2.4. Change Probability of N-Gram Usage
To complement the analysis of rank diversity, we propose a related measure: the change probability p(k), i.e., the probability that a word at rank k will change rank in one time interval. We calculate it for a given language dataset by dividing the number of times elements change for given rank k by the number of temporal transitions, T − 1 (see section 4 for details). The change probability behaves similarly to rank diversity in some cases. For example, if there are only two N-grams that appear with rank 1, d(1) = 2/155. If one word was ranked first until 1900 and then a different word became first, there was only one rank change, thus p(1) = 1/154. However, if the words alternated ranks every year (which does not occur in the datasets studied), the rank diversity would be the same, but p(1) = 1.

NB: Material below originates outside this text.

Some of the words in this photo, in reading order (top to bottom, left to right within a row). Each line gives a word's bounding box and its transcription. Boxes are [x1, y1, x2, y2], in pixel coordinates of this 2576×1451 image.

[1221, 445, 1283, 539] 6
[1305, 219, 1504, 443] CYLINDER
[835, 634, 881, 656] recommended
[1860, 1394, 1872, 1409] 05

Figure 7 shows the behavior of the change probability p(k) for all languages studied. We see that p(k) grows faster than d(k) for increasing rank k. The curves can also be well fitted with the sigmoid of Equation (1) (fit parameters in Table 2). Figure 8 shows the relationship between μ and σ of the sigmoid fits for the change probability p(k). As with the rank diversity, μ decreases with N for each language, except for German between 3-grams and 4-grams. However, the σ values seem to have a low correlation with N. We also analyze the difference between rank diversity and change probability, d(k) − p(k) (Figure S1). As the change probability grows faster with rank k, the difference becomes negative and then grows together with the rank diversity. For large k, both rank diversity and change probability tend to one, so their difference is zero.
![www.frontiersin.org](https://www.frontiersin.org/files/Articles/364175/fphy-06-00045-HTML/image_m/fphy-06-00045-g007.jpg)

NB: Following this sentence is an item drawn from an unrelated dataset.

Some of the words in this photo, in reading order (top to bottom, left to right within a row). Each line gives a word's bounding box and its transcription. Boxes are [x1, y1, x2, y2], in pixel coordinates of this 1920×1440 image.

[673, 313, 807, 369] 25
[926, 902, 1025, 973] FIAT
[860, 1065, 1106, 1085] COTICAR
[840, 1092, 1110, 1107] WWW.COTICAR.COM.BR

Figure 7. Change probability for different languages and N-grams. Binned change probability p(k) as a function of rank k for all languages and N values considered (continuous lines). We also include fits according to the sigmoid in Equation (1) (dashed lines), as in Figure 2.

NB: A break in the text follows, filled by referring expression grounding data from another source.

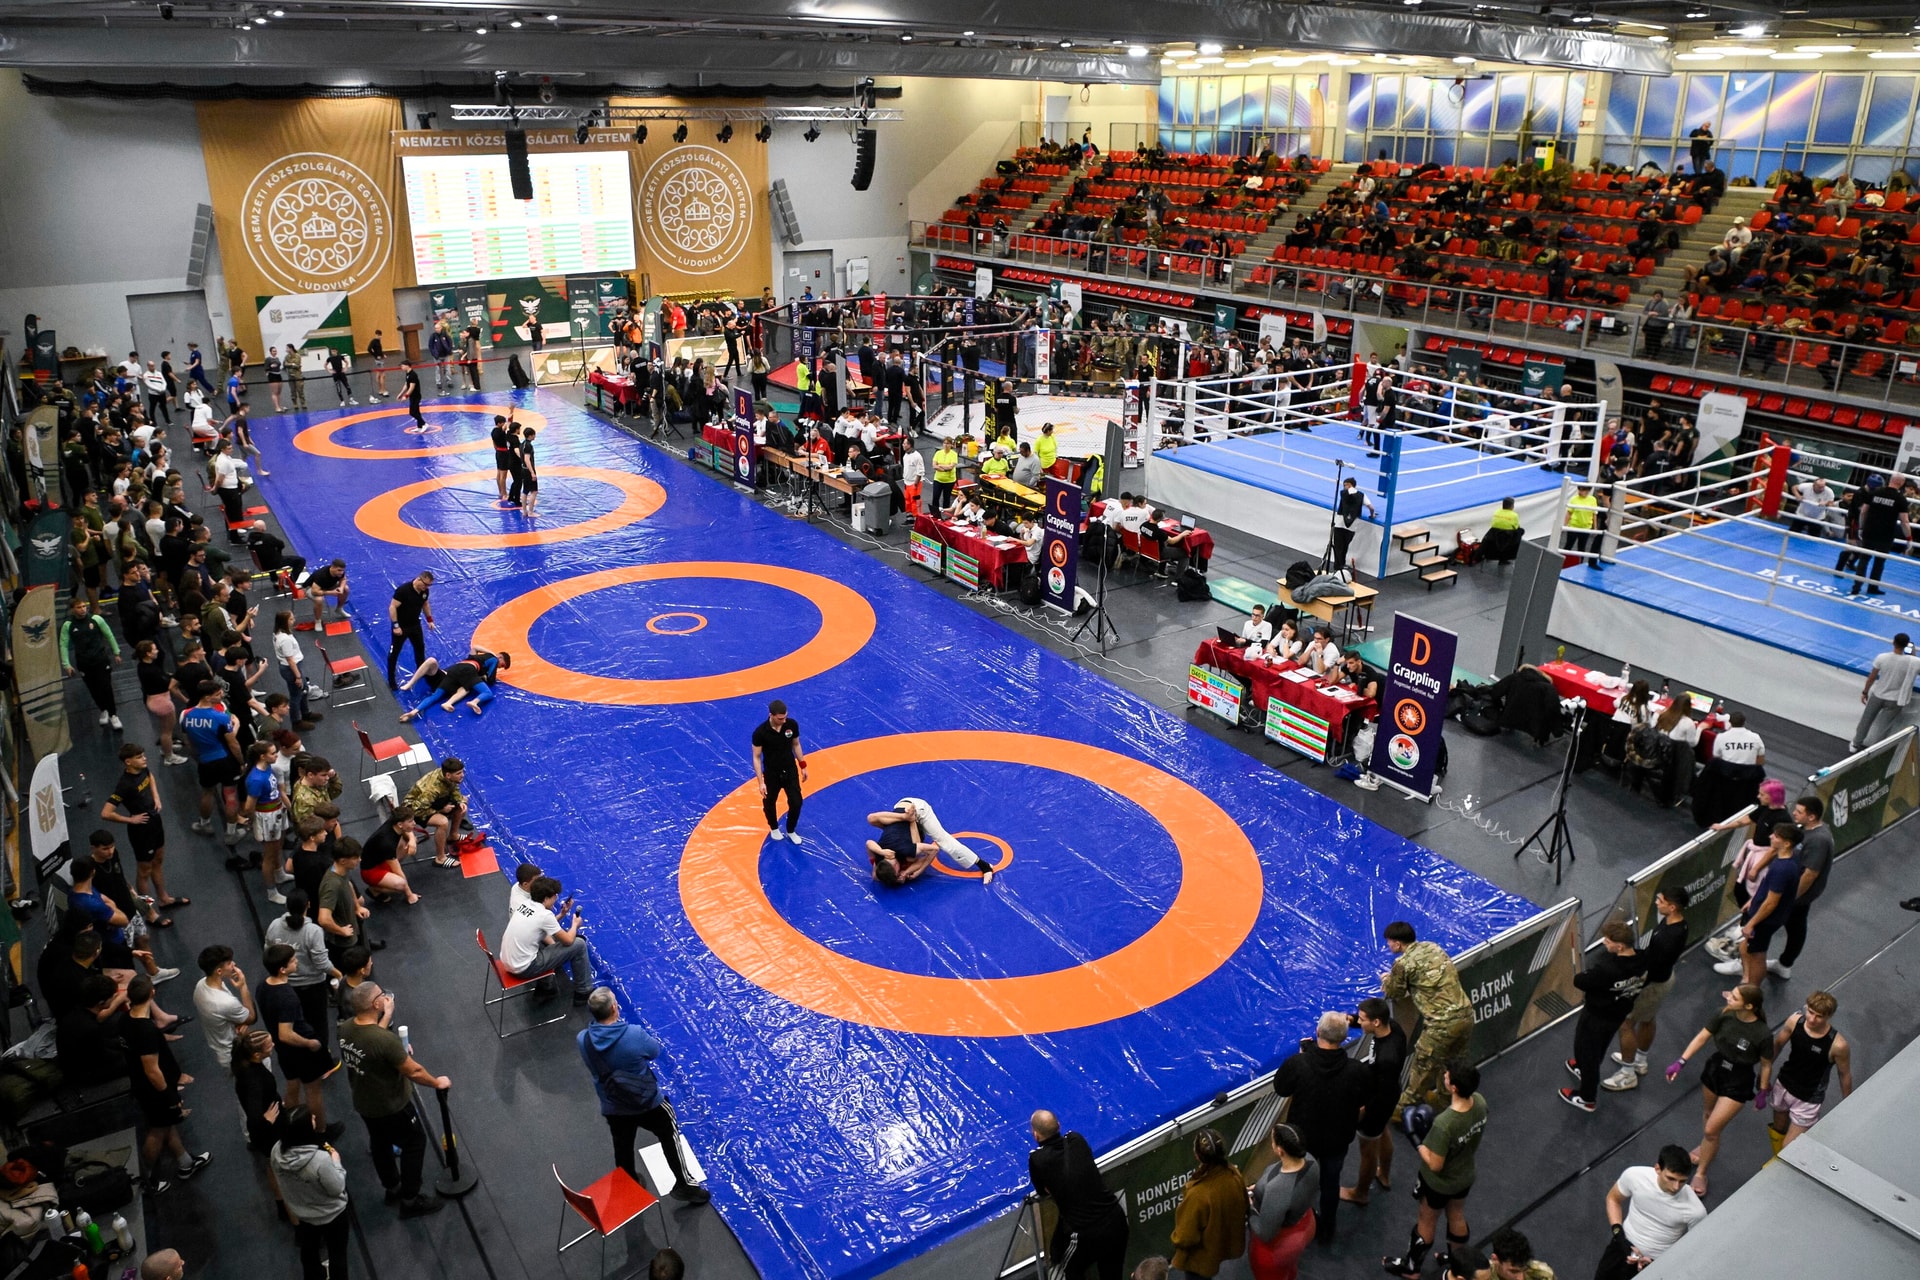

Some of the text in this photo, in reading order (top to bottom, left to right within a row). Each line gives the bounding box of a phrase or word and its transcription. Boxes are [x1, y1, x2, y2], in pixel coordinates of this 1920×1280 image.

[400, 132, 631, 147] NEMZETI KÖZSZGÁLATI YETEM
[646, 153, 746, 223] NEMZETI KÖZSZOLGÁLATI EGYETEM
[252, 189, 267, 242] NEMZETI
[265, 162, 356, 188] KÖZSZOLGÁLATI
[357, 183, 383, 235] EGYETEM
[678, 254, 723, 267] LUDOVIKA
[298, 275, 356, 291] LUDOVIKA
[740, 396, 746, 415] B
[1056, 490, 1068, 516] C
[1046, 513, 1075, 534] Grappling
[1410, 631, 1431, 666] D
[1393, 662, 1441, 694] Grappling
[185, 718, 212, 729] HUN
[1724, 742, 1755, 750] STAFF
[517, 904, 535, 918] STAFF
[1471, 970, 1515, 1005] BÁTRAK
[1473, 993, 1512, 1024] LIGÁJA
[1137, 1169, 1196, 1206] HONVÉDE

![www.frontiersin.org](https://www.frontiersin.org/files/Articles/364175/fphy-06-00045-HTML/image_m/fphy-06-00045-g008.jpg)
Figure 8. Fitted parameters for change probability. Parameters μ and σ for the sigmoid fit of the change probability p(k), for all languages (indicated by colors) and N-values (indicated by numbers).
2.5. Rank Entropy of N-Gram Usage
We can define another related measure: the rank entropy E(k). Based on Shannon's information, it is simply the normalized information for the elements appearing at rank k during all time intervals (see section 4). For example, if at rank k = 1 only two N-grams appear, d(1) = 2/155. Information is maximal when the probabilities of elements are homogeneous, i.e., when each N-gram appears half of the time, as it is uncertain which of the elements will occur in the future. However, if one element appears only once, information will be minimal, as there will be a high probability that the other element will appear in the future. As with the rank diversity and change probability, the rank entropy E(k) also increases its value with rank k, even faster in fact, as shown in Figure 9. Similarly, E(k) tends to be higher as N grows, and may be fitted by the sigmoid of Equation (1) at least for high enough k (see fit parameters in Table 3) Notice that since rank entropy in some cases has already high values at k = 1, the sigmoids can have negative μ values.
![www.frontiersin.org](https://www.frontiersin.org/files/Articles/364175/fphy-06-00045-HTML/image_m/fphy-06-00045-g009.jpg)
Figure 9. Rank entropy for different languages and N-grams. Binned rank entropy E(k) as a function of rank k for all languages and N values considered (continuous lines). We also include fits according to the sigmoid in Equation (1) (dashed lines), as in Figure 2.
The μ and σ values are compared in Figure 10. The behavior of these parameters is more diverse than for rank diversity and change probability. Still, the curves tend to have a “horseshoe” shape, where μ decreases and σ increases up to N ≈ 3, and then μ slightly increases while σ decreases.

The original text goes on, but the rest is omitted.